_PROBLEM DETAILS_.
Nothing in the data should be altered when it is repeated in full.

_PROVIDED MATERIAL_.
········

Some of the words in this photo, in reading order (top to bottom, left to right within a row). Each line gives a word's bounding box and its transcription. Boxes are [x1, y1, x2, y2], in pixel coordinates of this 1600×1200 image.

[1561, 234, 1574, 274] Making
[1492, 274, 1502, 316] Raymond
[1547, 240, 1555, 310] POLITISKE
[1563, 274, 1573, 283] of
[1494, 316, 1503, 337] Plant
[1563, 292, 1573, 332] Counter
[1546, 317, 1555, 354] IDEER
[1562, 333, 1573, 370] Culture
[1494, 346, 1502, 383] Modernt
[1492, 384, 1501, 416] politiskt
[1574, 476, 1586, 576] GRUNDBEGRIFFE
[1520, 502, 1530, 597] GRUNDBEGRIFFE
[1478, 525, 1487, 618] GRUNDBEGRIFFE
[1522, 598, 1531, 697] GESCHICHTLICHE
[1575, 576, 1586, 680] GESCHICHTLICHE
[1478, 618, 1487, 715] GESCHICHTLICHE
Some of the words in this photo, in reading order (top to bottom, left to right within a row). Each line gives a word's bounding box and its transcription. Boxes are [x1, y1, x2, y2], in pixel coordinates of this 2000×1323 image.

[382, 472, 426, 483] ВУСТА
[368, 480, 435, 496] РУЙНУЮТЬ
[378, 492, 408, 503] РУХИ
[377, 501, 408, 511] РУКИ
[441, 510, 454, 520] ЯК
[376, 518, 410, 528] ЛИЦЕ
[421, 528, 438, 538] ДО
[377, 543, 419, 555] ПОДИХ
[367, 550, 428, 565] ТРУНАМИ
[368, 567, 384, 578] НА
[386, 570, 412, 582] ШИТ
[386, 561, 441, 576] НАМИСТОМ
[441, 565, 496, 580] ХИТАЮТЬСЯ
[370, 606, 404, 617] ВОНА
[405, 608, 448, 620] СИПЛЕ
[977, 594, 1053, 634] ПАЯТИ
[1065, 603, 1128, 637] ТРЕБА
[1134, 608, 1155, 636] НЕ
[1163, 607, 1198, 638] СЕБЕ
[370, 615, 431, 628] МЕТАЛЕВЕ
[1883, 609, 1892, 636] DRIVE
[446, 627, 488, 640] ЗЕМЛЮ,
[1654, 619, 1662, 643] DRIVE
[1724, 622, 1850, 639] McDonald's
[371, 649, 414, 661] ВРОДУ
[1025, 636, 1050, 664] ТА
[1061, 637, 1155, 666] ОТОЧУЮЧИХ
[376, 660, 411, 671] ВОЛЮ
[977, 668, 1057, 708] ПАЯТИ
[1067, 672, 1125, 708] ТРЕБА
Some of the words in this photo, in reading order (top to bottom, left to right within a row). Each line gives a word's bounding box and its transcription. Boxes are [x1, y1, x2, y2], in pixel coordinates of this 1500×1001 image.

········

_REPLY TO THE EXERCISE_.
Some of the words in this photo, in reading order (top to bottom, left to right within a row). Each line gives a word's bounding box and its transcription. Boxes are [x1, y1, x2, y2], in pixel coordinates of this 1600×1200 image.

[1561, 234, 1574, 274] Making
[1492, 274, 1502, 316] Raymond
[1547, 240, 1555, 310] POLITISKE
[1563, 274, 1573, 283] of
[1494, 316, 1503, 337] Plant
[1563, 292, 1573, 332] Counter
[1546, 317, 1555, 354] IDEER
[1562, 333, 1573, 370] Culture
[1494, 346, 1502, 383] Modernt
[1492, 384, 1501, 416] politiskt
[1574, 476, 1586, 576] GRUNDBEGRIFFE
[1520, 502, 1530, 597] GRUNDBEGRIFFE
[1478, 525, 1487, 618] GRUNDBEGRIFFE
[1522, 598, 1531, 697] GESCHICHTLICHE
[1575, 576, 1586, 680] GESCHICHTLICHE
[1478, 618, 1487, 715] GESCHICHTLICHE
Some of the words in this photo, in reading order (top to bottom, left to right within a row). Each line gives a word's bounding box and its transcription. Boxes are [x1, y1, x2, y2], in pixel coordinates of this 2000×1323 image.

[382, 472, 426, 483] ВУСТА
[368, 480, 435, 496] РУЙНУЮТЬ
[378, 492, 408, 503] РУХИ
[377, 501, 408, 511] РУКИ
[441, 510, 454, 520] ЯК
[376, 518, 410, 528] ЛИЦЕ
[421, 528, 438, 538] ДО
[377, 543, 419, 555] ПОДИХ
[367, 550, 428, 565] ТРУНАМИ
[368, 567, 384, 578] НА
[386, 570, 412, 582] ШИТ
[386, 561, 441, 576] НАМИСТОМ
[441, 565, 496, 580] ХИТАЮТЬСЯ
[370, 606, 404, 617] ВОНА
[405, 608, 448, 620] СИПЛЕ
[977, 594, 1053, 634] ПАЯТИ
[1065, 603, 1128, 637] ТРЕБА
[1134, 608, 1155, 636] НЕ
[1163, 607, 1198, 638] СЕБЕ
[370, 615, 431, 628] МЕТАЛЕВЕ
[1883, 609, 1892, 636] DRIVE
[446, 627, 488, 640] ЗЕМЛЮ,
[1654, 619, 1662, 643] DRIVE
[1724, 622, 1850, 639] McDonald's
[371, 649, 414, 661] ВРОДУ
[1025, 636, 1050, 664] ТА
[1061, 637, 1155, 666] ОТОЧУЮЧИХ
[376, 660, 411, 671] ВОЛЮ
[977, 668, 1057, 708] ПАЯТИ
[1067, 672, 1125, 708] ТРЕБА
Some of the words in this photo, in reading order (top to bottom, left to right within a row). Each line gives a word's bounding box and its transcription. Boxes are [x1, y1, x2, y2], in pixel coordinates of this 1500×1001 image.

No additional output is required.